UCSC Genome Browser Staff,
I'm James McDonald, a postdoc in Dr. Chiappinelli's lab at George Washington University. We are trying to download and use hg38. However, I have hit some confusion on the assembly accession numbers.
I checked both of the following files: 1) /goldenPath/hg38/database/README.txt and 2) /goldenPath/hg38/bigZips/README.txt. These indicate that the directory contains hg38 or GRCh38 with the genome assembly accession of GCA_000001405.2. When I search this on NCBI's website in the assembly database, that accession matches GRCh37.p1.
However, when I dig down into /goldenPath/hg38/bigZips/analysisSet/README.txt to get the actual files I need for indexing sequence aligners, the README indicates the files here contain the GRCh38 accession number GCA_000001405.15 files. This does match the correct annotation in the NCBI assembly database.
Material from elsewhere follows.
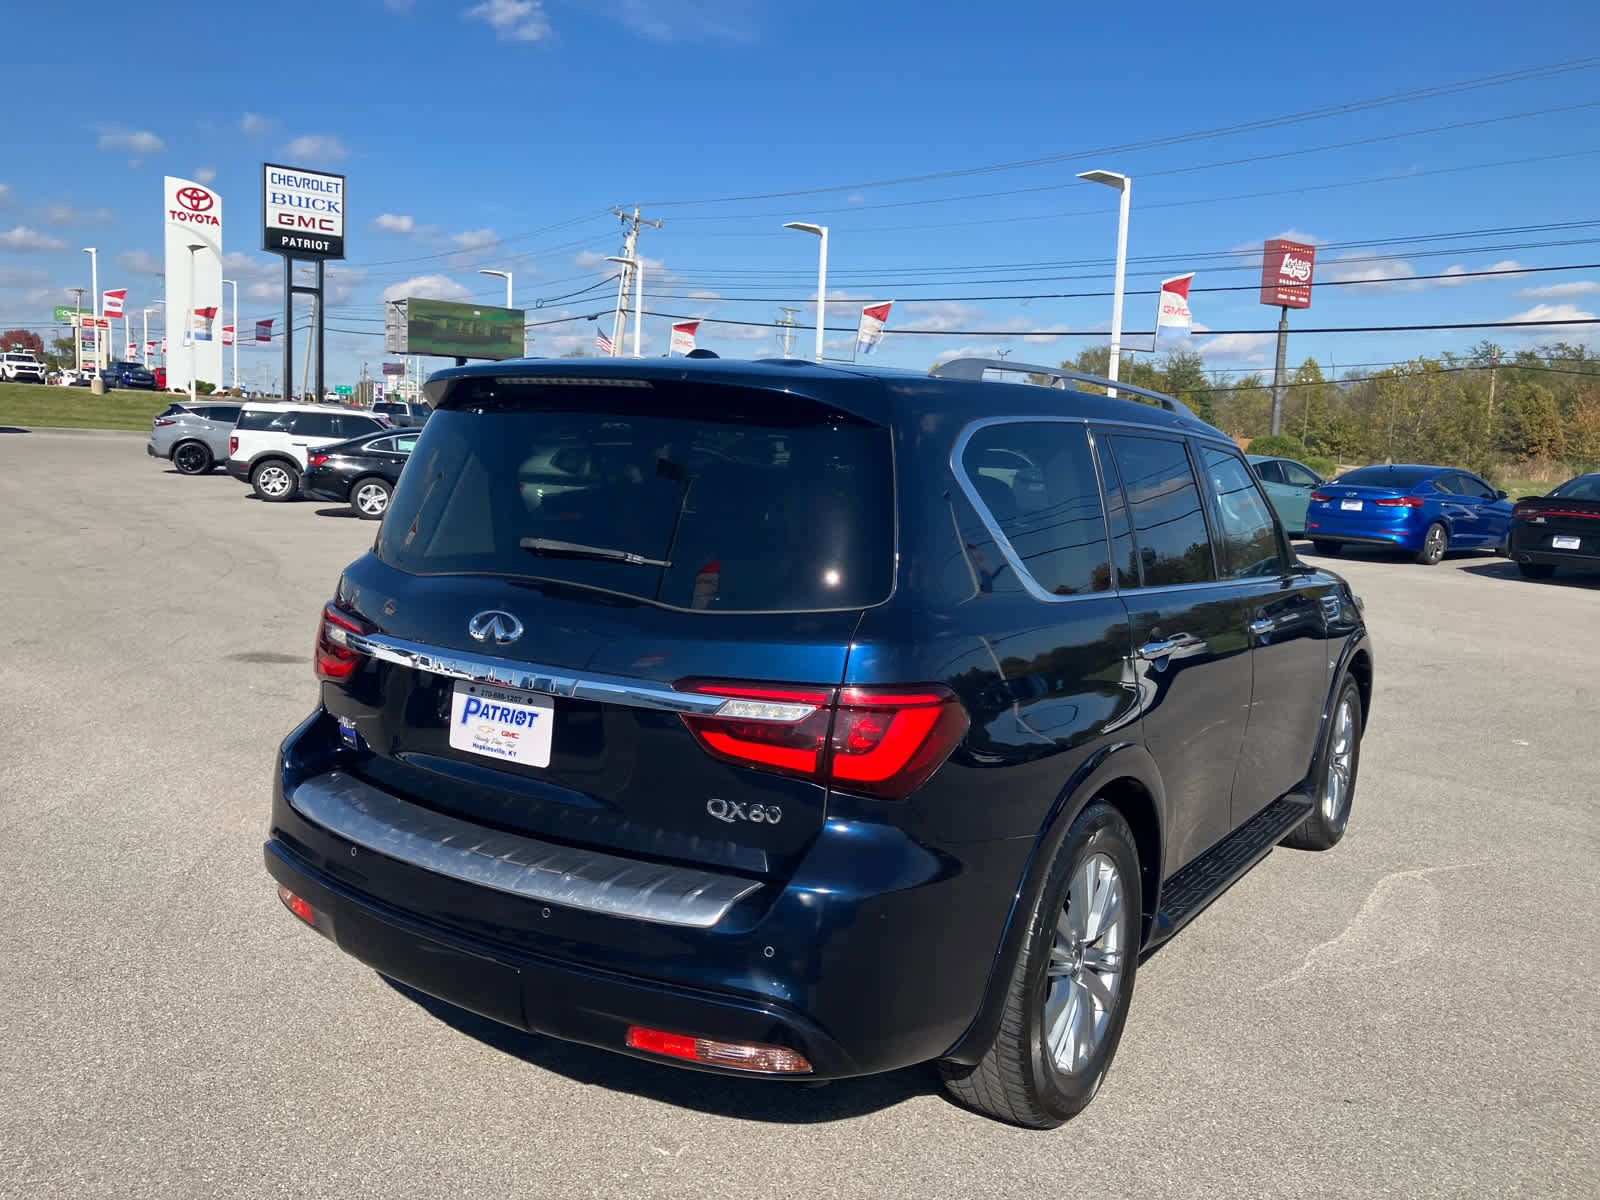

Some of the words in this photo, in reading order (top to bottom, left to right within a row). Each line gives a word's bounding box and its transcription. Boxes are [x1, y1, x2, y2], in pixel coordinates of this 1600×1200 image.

I am confused about how the two parent directories for the hg38 data list a different accession number than the analysisSet directory. I am especially concerned because the GRCh37.p1 accession number suggests I might be downloading hg19 data instead of hg38.
Is this just a typo of the accession number in the README files? Can you point me to the correct data for the hg38 Dec. 2013 release that I can use for next-generation sequence analysis?
Thank you very much,
James